Make sure you're eating protein consistently throughout the day. Studies recommend having 20 to 30 grams of protein within 30 to 60 minutes after your workout during a time frame known as your "anabolic window." However, more recent research has shown that spacing out your protein intake to every three or four hours throughout the day will help support muscle protein synthesis and support muscle recovery and growth.

"Protein timing helps, but it's not the be-all and end-all," Sheehan says. "Having some protein post-workout can be beneficial because it gives your muscles what they need to repair and grow."

YUltimately, you don't need to stress about timing your protein down to the minute. When it comes to building muscle, the most important thing is that you're getting enough protein and calories throughout the day. Just try to include a serving of protein after your workouts to help support muscle recovery and growth.

Wrapping It Up

Building muscle is a marathon, not a sprint.
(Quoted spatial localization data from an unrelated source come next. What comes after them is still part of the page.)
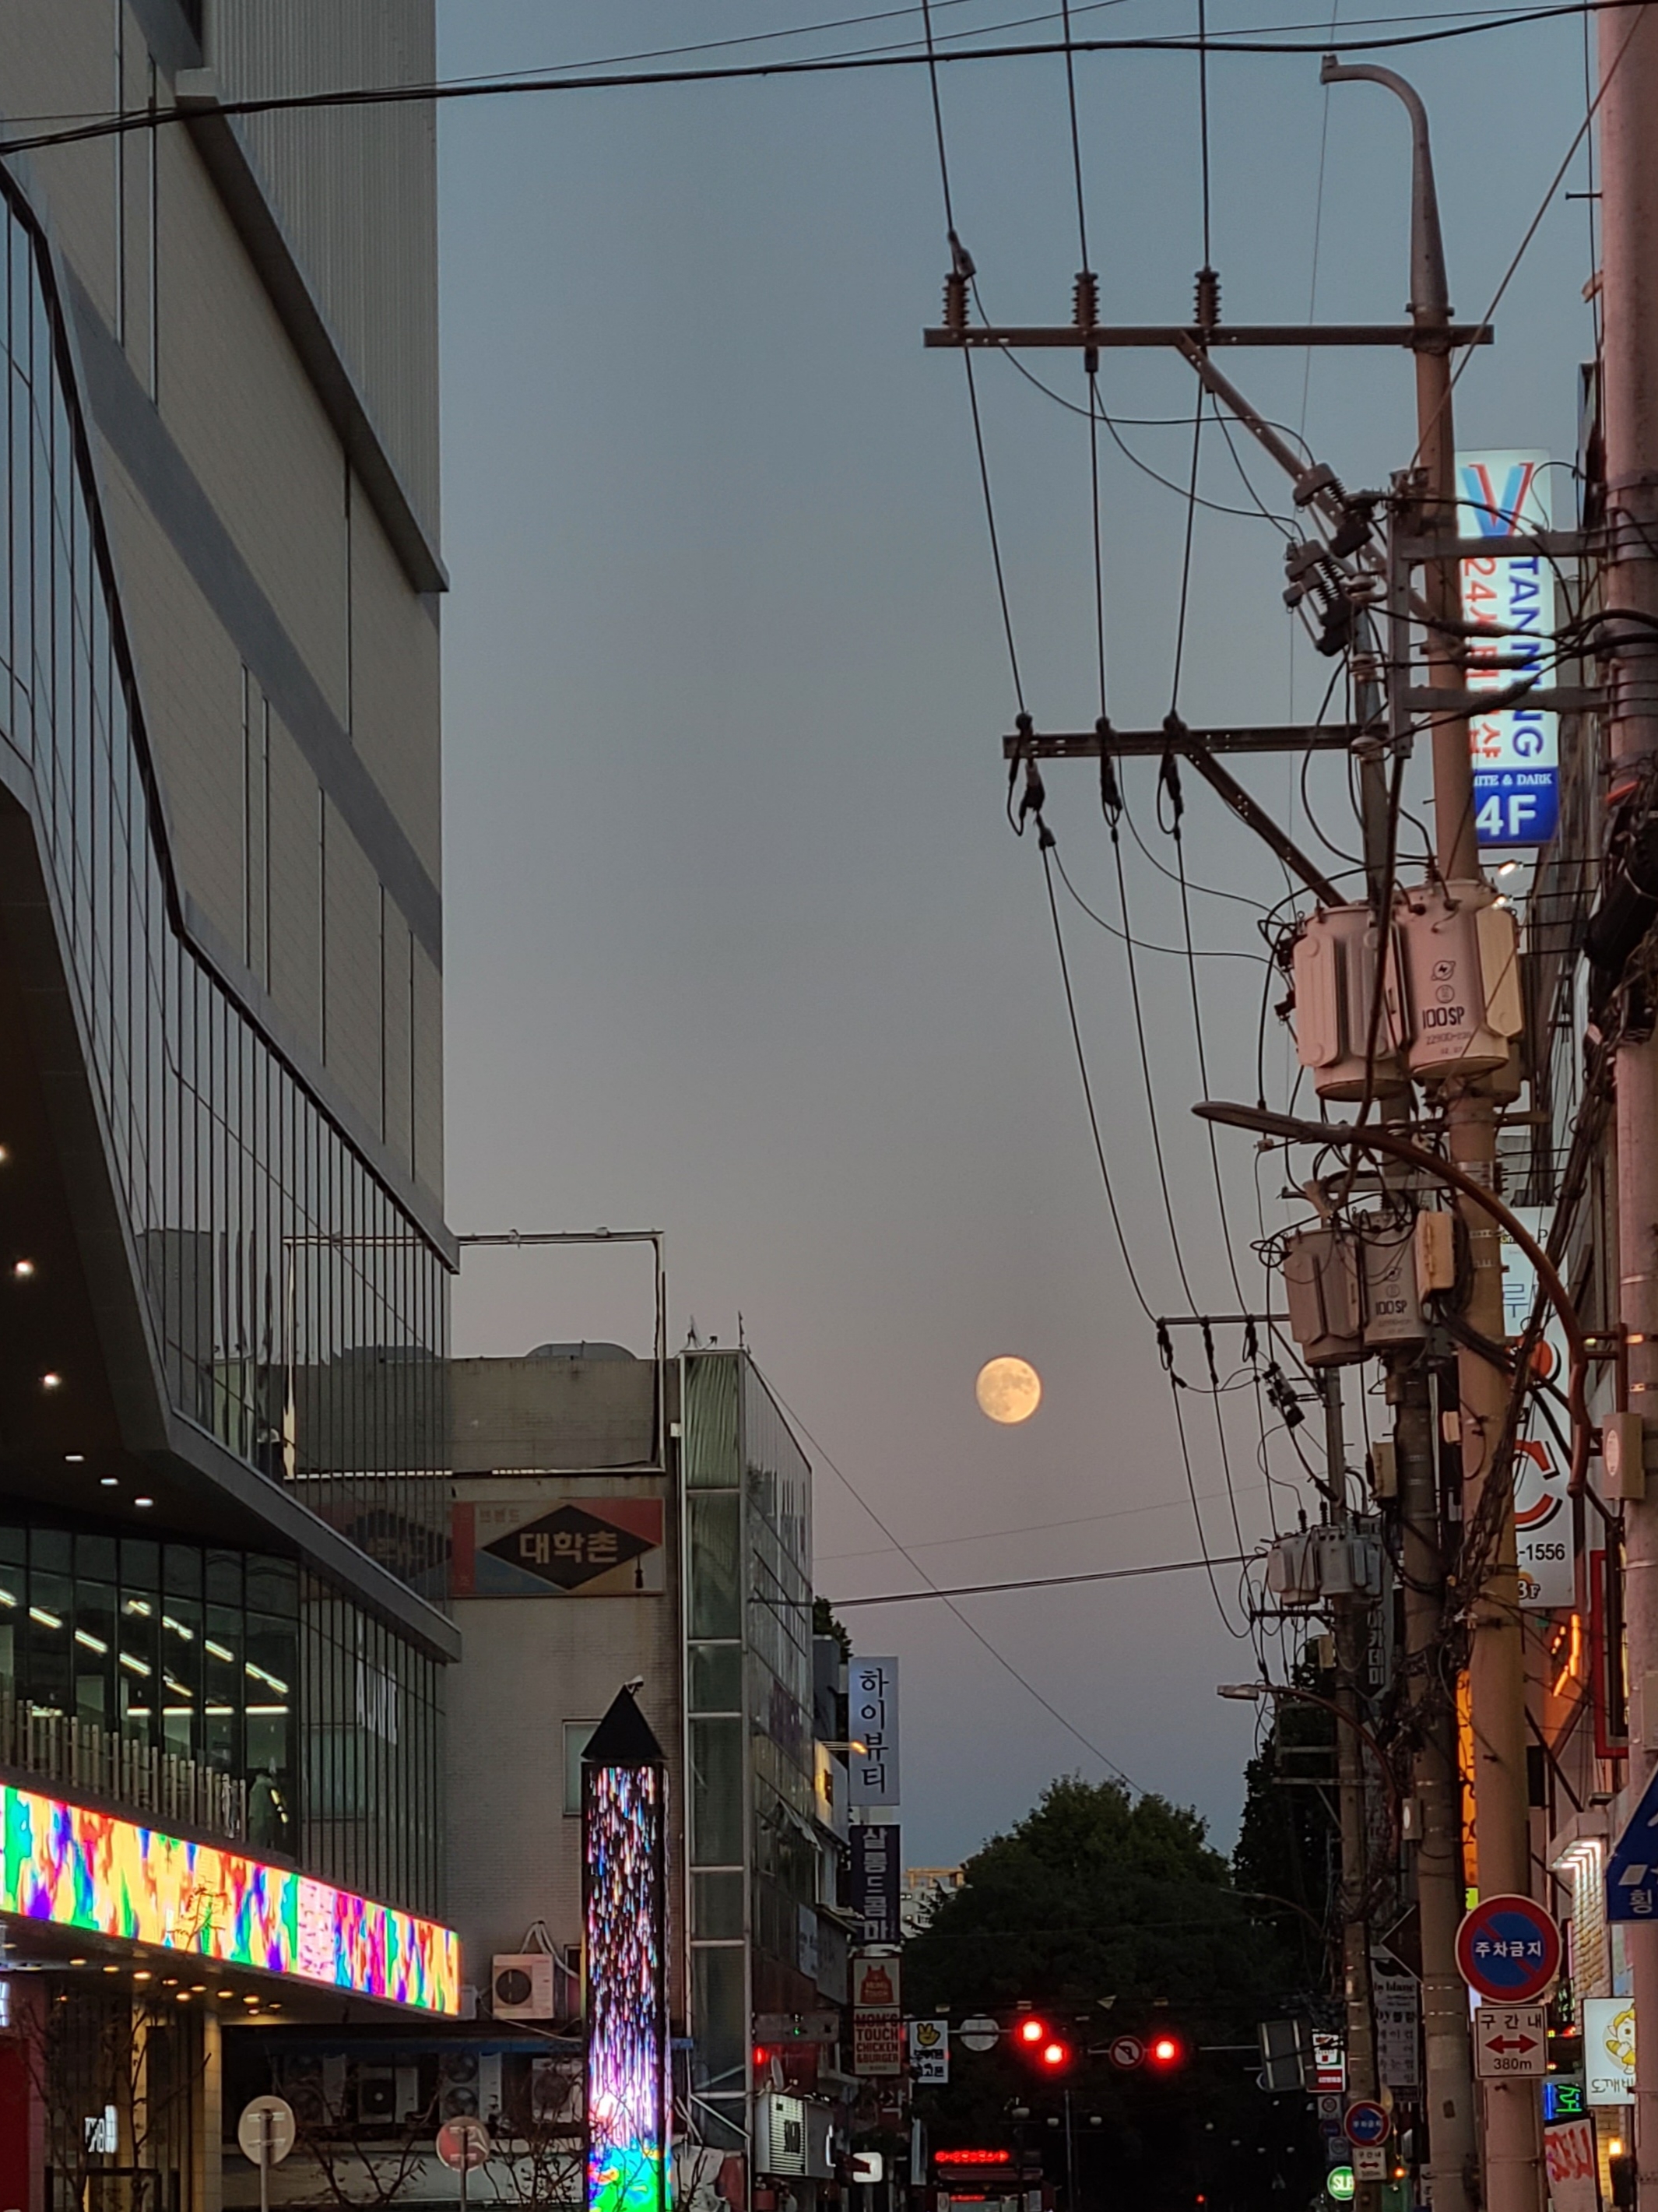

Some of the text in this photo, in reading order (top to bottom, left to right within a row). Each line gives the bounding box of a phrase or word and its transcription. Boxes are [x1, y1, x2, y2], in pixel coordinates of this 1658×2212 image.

[1516, 772, 1552, 786] DARK
[1475, 794, 1537, 836] 4F
[518, 1530, 617, 1565] 대학촌
[859, 1668, 890, 1794] 하이뷰티
[1474, 1939, 1541, 1958] 주차금지
[856, 2028, 898, 2041] TOUCH
[856, 2042, 898, 2052] CHICKEN
[1493, 2058, 1533, 2070] 380m
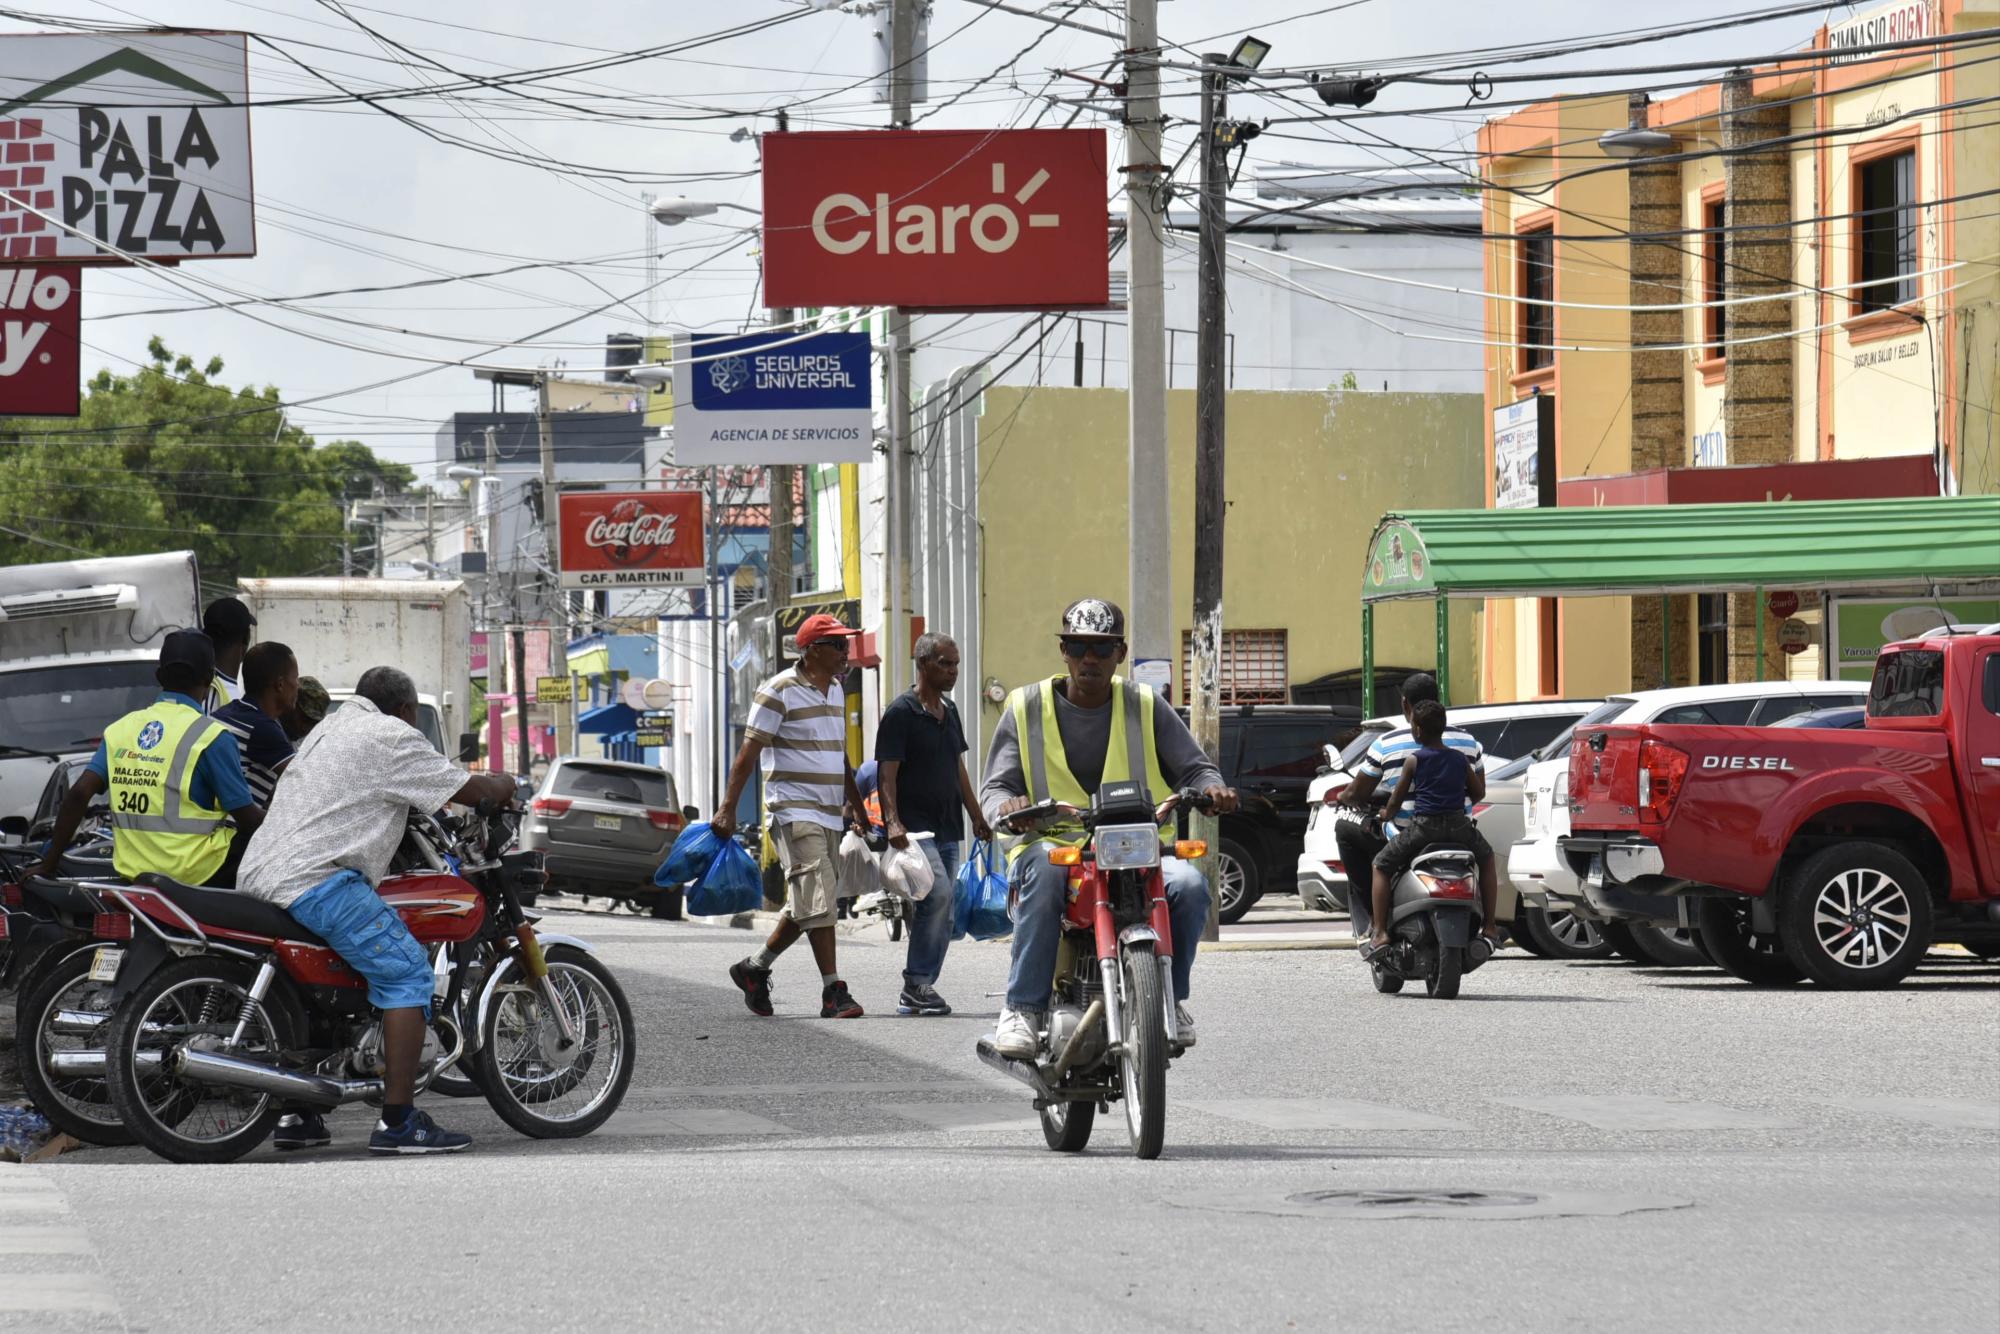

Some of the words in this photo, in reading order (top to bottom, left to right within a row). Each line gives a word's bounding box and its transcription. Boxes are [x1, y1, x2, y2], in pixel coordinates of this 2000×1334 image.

[78, 104, 220, 185] PALA
[811, 192, 1020, 255] Claro
[755, 354, 841, 372] SEGUROS
[710, 429, 769, 442] AGENCIA
[772, 428, 789, 441] DE
[791, 427, 860, 441] SERVICIOS
[580, 573, 613, 585] CAF.
[615, 572, 670, 584] MARTIN
[1844, 646, 1872, 657] Yaroa
[1702, 755, 1795, 771] DIESEL
[114, 766, 160, 778] MALECON
[111, 776, 158, 788] BARAHONA
[118, 790, 149, 815] 340
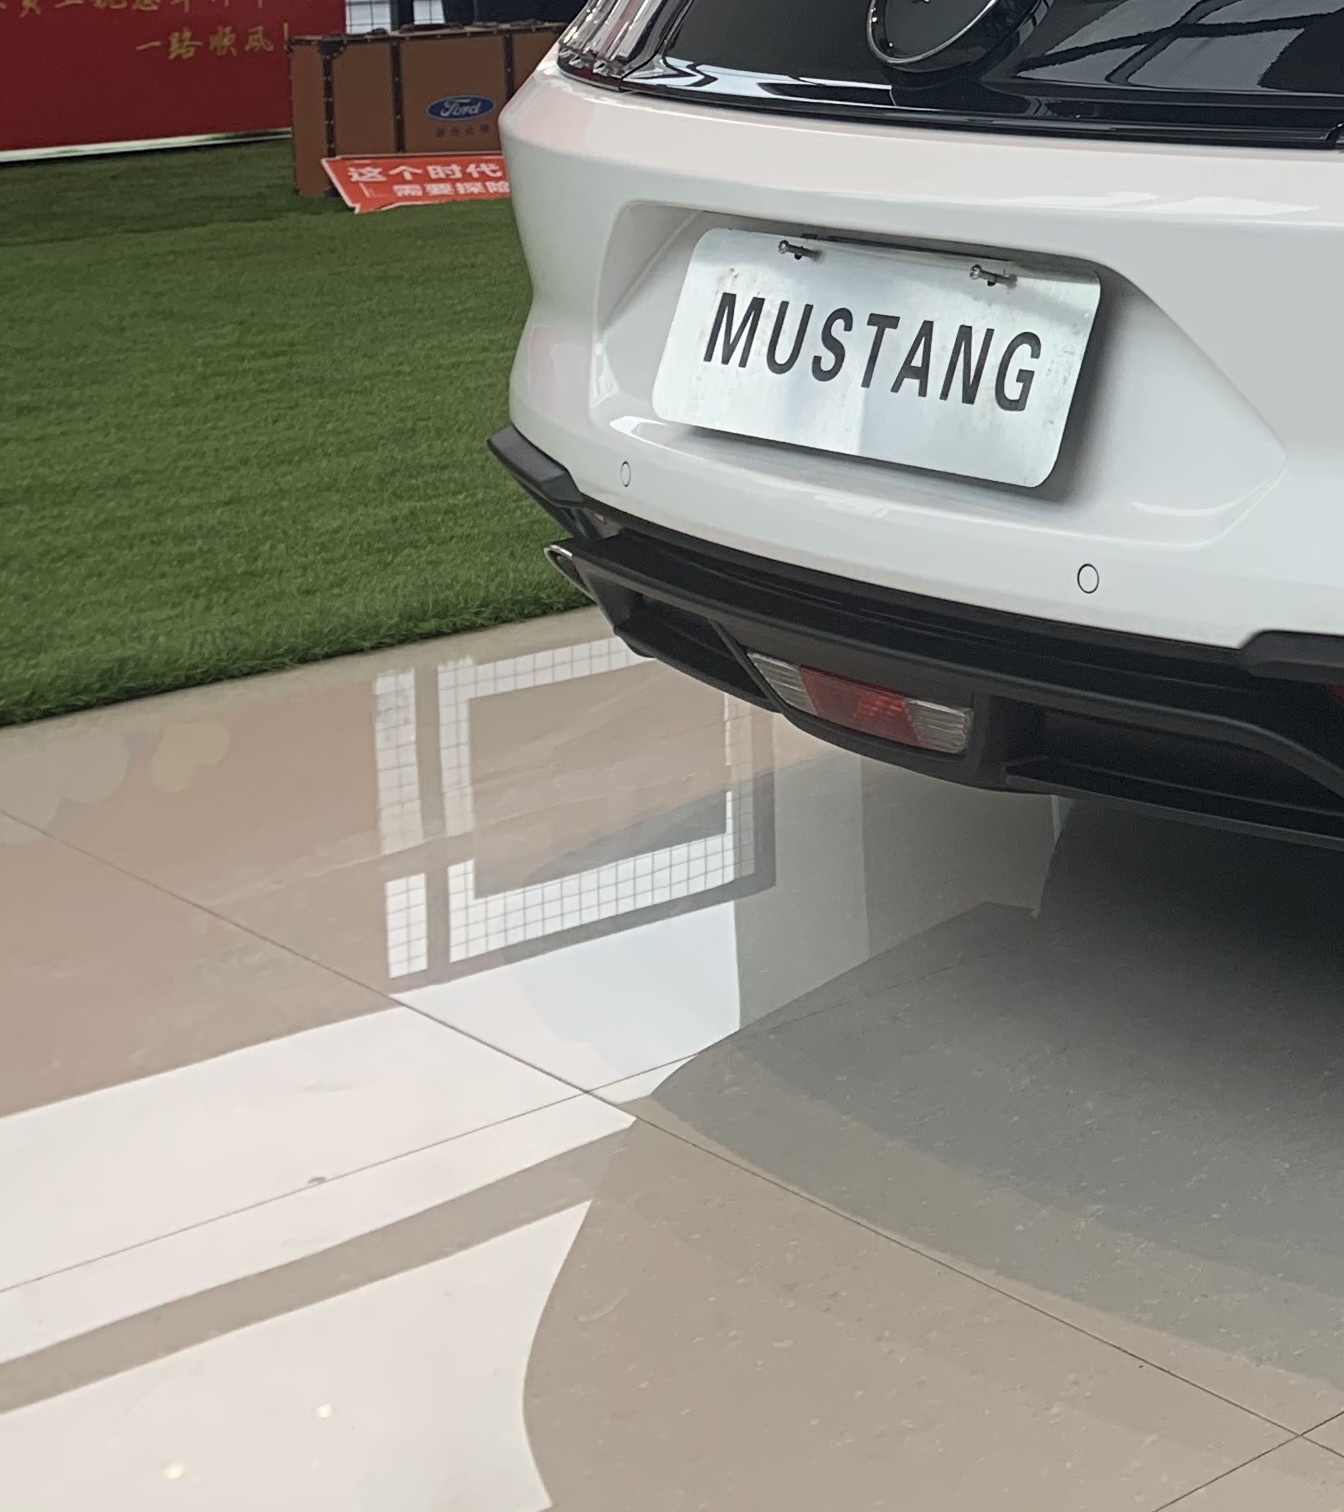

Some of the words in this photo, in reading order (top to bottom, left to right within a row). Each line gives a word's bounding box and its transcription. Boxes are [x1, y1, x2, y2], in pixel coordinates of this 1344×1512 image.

Achieving lasting results requires consistency, discipline, and focus. If you avoid these common mistakes by making sure you're eating enough calories, following the principles of progressive overload, allowing for adequate rest and recovery, and timing your protein intake throughout the day, you will avoid the four biggest and most common mistakes people make when trying to build muscle. Ultimately, muscle building isn't about doing more—it's about doing what works for you. Keep it simple, stay consistent, and trust the process.